Please output all of the entries exactly and omit any images they hold.

====== DATASET CONTENT

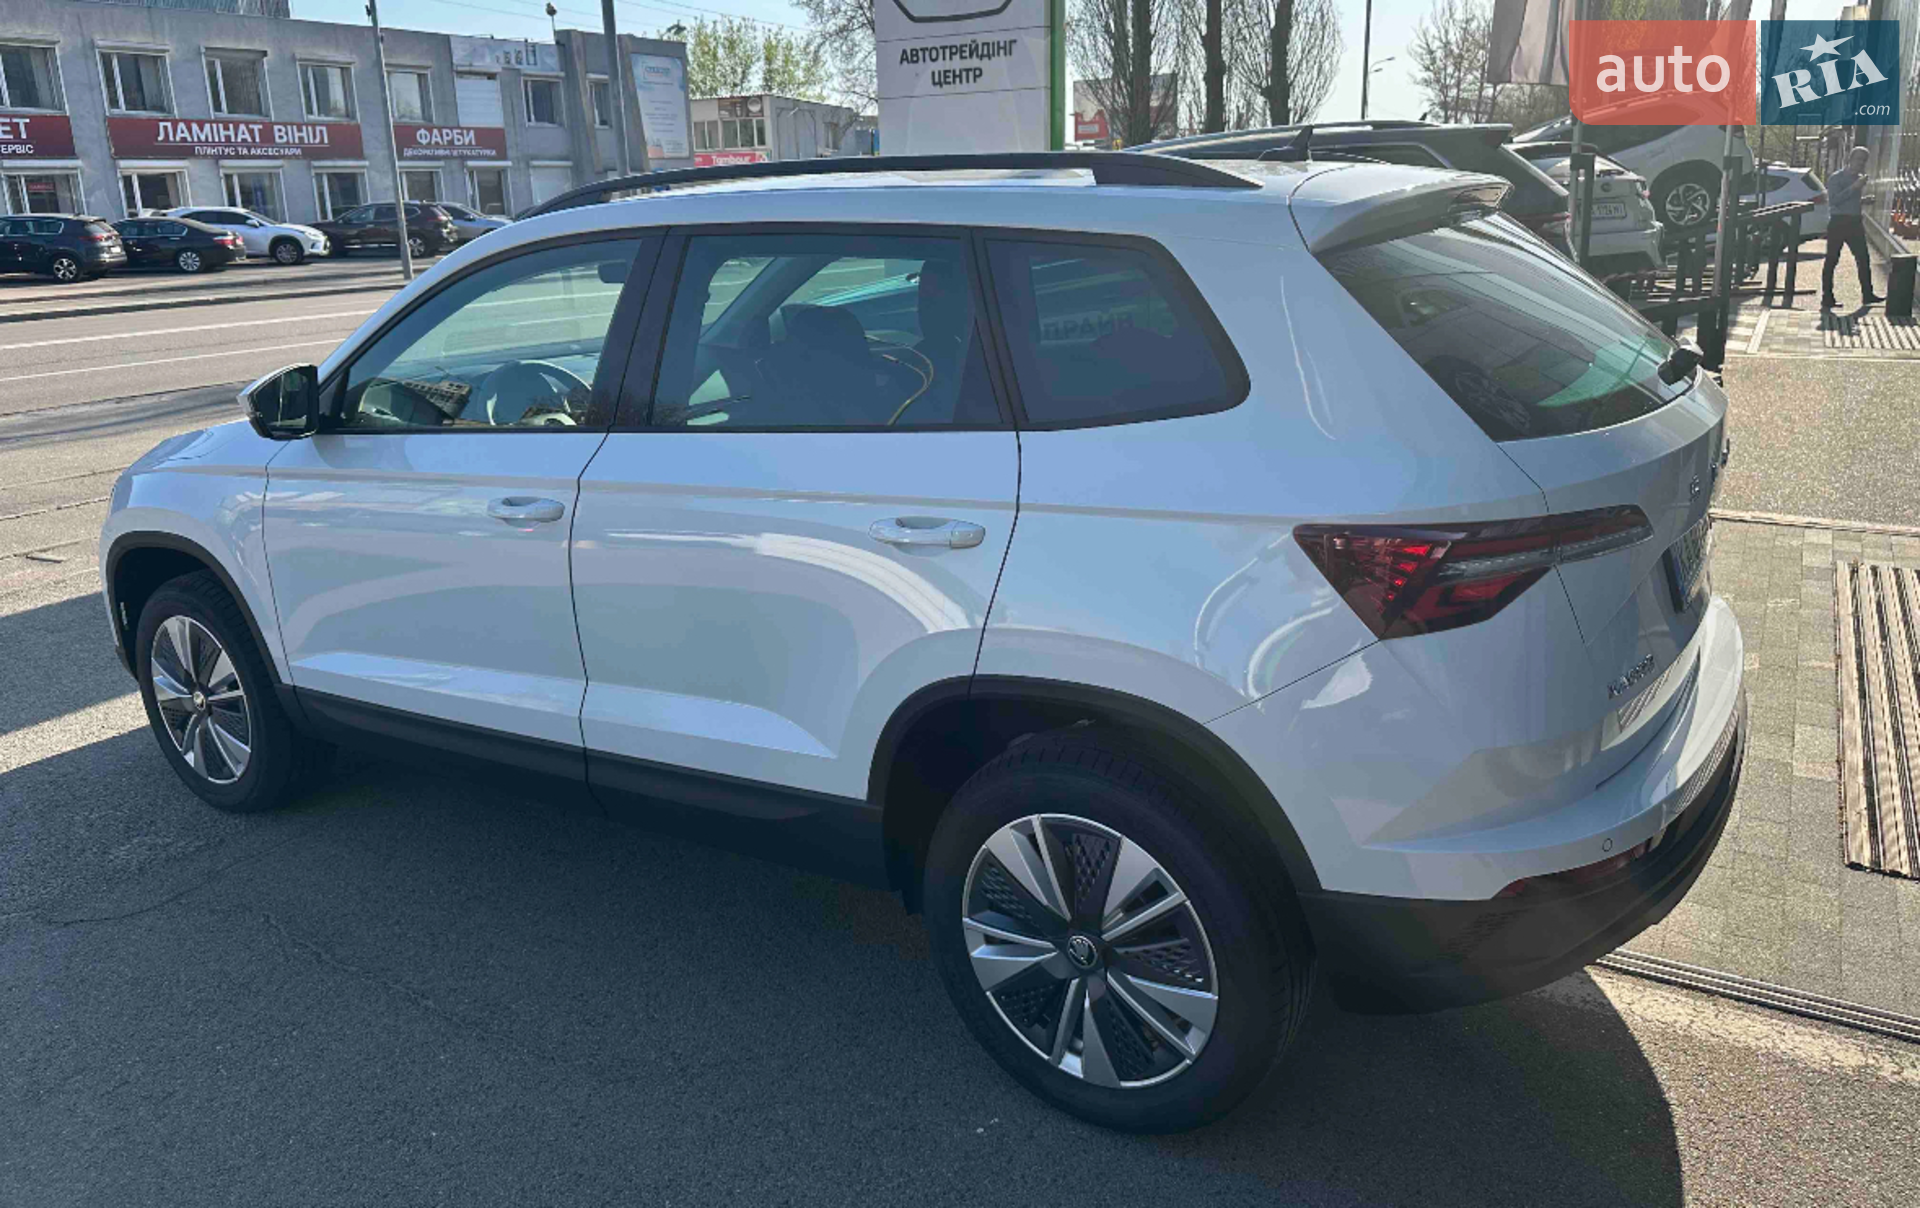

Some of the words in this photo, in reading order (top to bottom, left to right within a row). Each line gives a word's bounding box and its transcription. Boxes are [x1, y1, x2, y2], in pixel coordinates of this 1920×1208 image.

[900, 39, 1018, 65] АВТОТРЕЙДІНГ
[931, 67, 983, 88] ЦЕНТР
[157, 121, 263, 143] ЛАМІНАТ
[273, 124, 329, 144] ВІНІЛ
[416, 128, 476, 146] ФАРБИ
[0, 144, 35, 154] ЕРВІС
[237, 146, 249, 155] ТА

============

## ANSWER AREA
Some of the words in this photo, in reading order (top to bottom, left to right within a row). Each line gives a word's bounding box and its transcription. Boxes are [x1, y1, x2, y2], in pixel coordinates of this 1920×1208 image.

[900, 39, 1018, 65] АВТОТРЕЙДІНГ
[931, 67, 983, 88] ЦЕНТР
[157, 121, 263, 143] ЛАМІНАТ
[273, 124, 329, 144] ВІНІЛ
[416, 128, 476, 146] ФАРБИ
[0, 144, 35, 154] ЕРВІС
[237, 146, 249, 155] ТА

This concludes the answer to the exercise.